Home sweet home… Nella meravigliosa cornice di casa nostra va in scena ogni giorno un momento rappresentativo di libera espressione artistica, che da oltre un mese vanta una permanenza ininterrotta in cartellone: il grande spettacolo del cibo. Sul tappeto rosso sfilano sapori, profumi e colori, e un nuovo savoir faire capace di creare Show Cooking e Food Contest, Eventi Gourmet e Cakemania… Archiviati i classici e anche un po’ monotoni piatti, menti fantasiose ed eclettiche si esprimono in cucina con progetti culinari da chef, cimentandosi in nuove sperimentazioni e solleticando l’erotismo del gusto. L’esercito delle impastatrici, delle sfogline e delle food blogger al momento non conosce ostacoli né crisi di settore. Le nuove magie in cucina sono anche merito dei Social, che fanno il pieno di like con ricette nuove e fantasiose al profumo di cioccolato, zucchero a velo e marmellata, con milioni di followers. Dalla rete… alla tavola! Migliaia di condivisioni e incontri inediti di grassi, zuccheri e carboidrati. Gusti primordiali si risvegliano, e il rito conviviale diventa l’evento perfetto per abbandonarsi alle più dolce delle trasgressioni. Così l’approccio al cibo diventa una piacevole e sorprendente occasione per reinventare le nostre giornate. Ma qual è la filosofia che ci guida? Nutrire il corpo, o nutrire il bisogno di emozioni?

Dottoressa Maria Stella Tarico: “Cibo e benessere: binomio imprescindibile. Ma l’Eating emozionale è un’inversione di ruoli. È nei momenti più difficili che è più facile mangiare in modo compulsivo e incontrollato, e il cibo diventa una consolazione, uno sfogo. La fame da stress non ha origine dal bisogno di nutrire il corpo in modo equilibrato, bensì dal desiderio di appagare un’insaziabile voglia di emozioni, e tutto questo si trasforma e si plasma in chili di troppo, non solo a discapito della linea, ma anche della salute”.

– Comfort food… come possiamo controllarlo?
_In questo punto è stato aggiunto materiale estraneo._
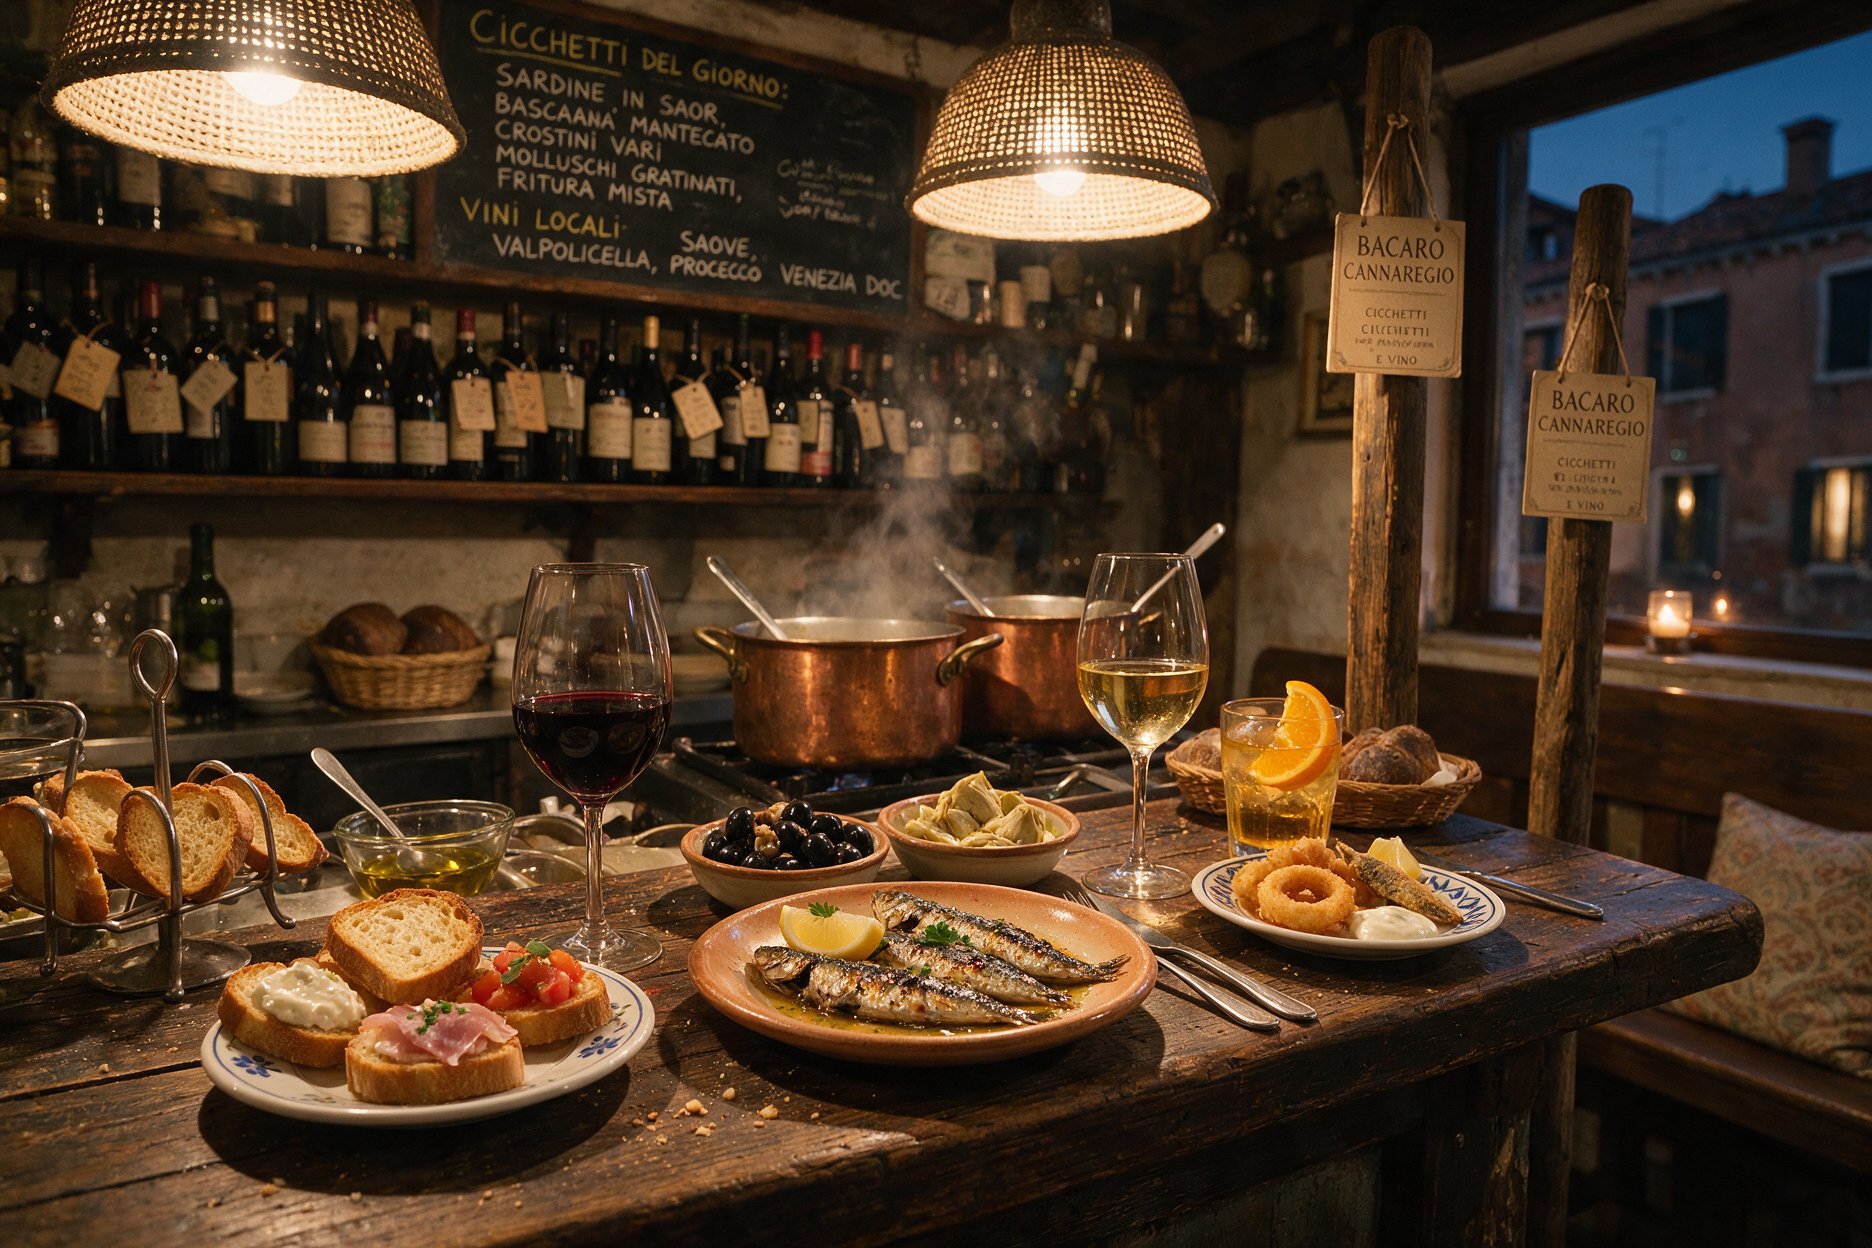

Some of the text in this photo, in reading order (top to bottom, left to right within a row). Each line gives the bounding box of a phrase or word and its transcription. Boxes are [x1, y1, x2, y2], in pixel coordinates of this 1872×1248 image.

[641, 46, 683, 77] DEL
[622, 88, 645, 110] IN
[494, 119, 662, 163] CROSTINI VARI
[630, 115, 756, 156] MANTECATO
[495, 143, 617, 179] MOLLUSCHI
[631, 162, 743, 204] GRATINATI,
[497, 166, 674, 212] FRITURA MISTA
[460, 196, 519, 227] VINI
[1357, 235, 1445, 260] BACARO
[491, 232, 659, 276] VALPOLICELLA,
[669, 253, 763, 283] PROCECCO
[779, 262, 858, 294] VENEZIA
[865, 273, 904, 300] DOC
[1343, 262, 1455, 285] CANNAREGIO
[1365, 307, 1427, 321] CICCHETTI
[1376, 354, 1418, 366] E VINO
[1551, 389, 1635, 414] BACARO
[1538, 415, 1645, 437] CANNAREGIO
[1557, 457, 1616, 470] CICCHETTI
[1577, 500, 1605, 511] VINO
Dottoressa Maria Stella Tarico: “La fame nervosa colpisce molte persone, in genere dai 16 ai 50 anni. E in questo periodo è un fenomeno in crescita… Per regolare l’appetito possono essere utili alcune sostanze. Tra queste vi consigliamo:

  1. il caffè verde, che aiuta a mantenere bassa la glicemia ed a migliorare il metabolismo degli zuccheri. Da utilizzare come integratore se si vuole perdere peso.
  2. la rhodiola rosea, pianta che agevola la mobilitazione dei grassi. Aiuta inoltre a contrastare la stanchezza e favorisce la sintesi degli ormoni del benessere.
  3. lo zafferano, in grado di contrastare la fame nervosa legata all’ansia e regolare i livelli di zucchero nel sangue. È facile aggiungerlo alla dieta.
  4. il glucomanno, fibra vegetale che, ingerita prima dei pasti, oltre ad una equilibrata attività lassativa favorisce il senso di sazietà”.

Sì, mangiare è terapeutico. È una di quelle cose che riporta in pace col mondo dopo qualunque brutta giornata. Ma ricordiamoci di inserire nella nostra dieta anche le erbe officinali, per curare la nostra bellezza e il nostro benessere con prodotti naturali, perché… La saggezza di tutto l’universo è in una tazza di tè. Proverbio Tuareg.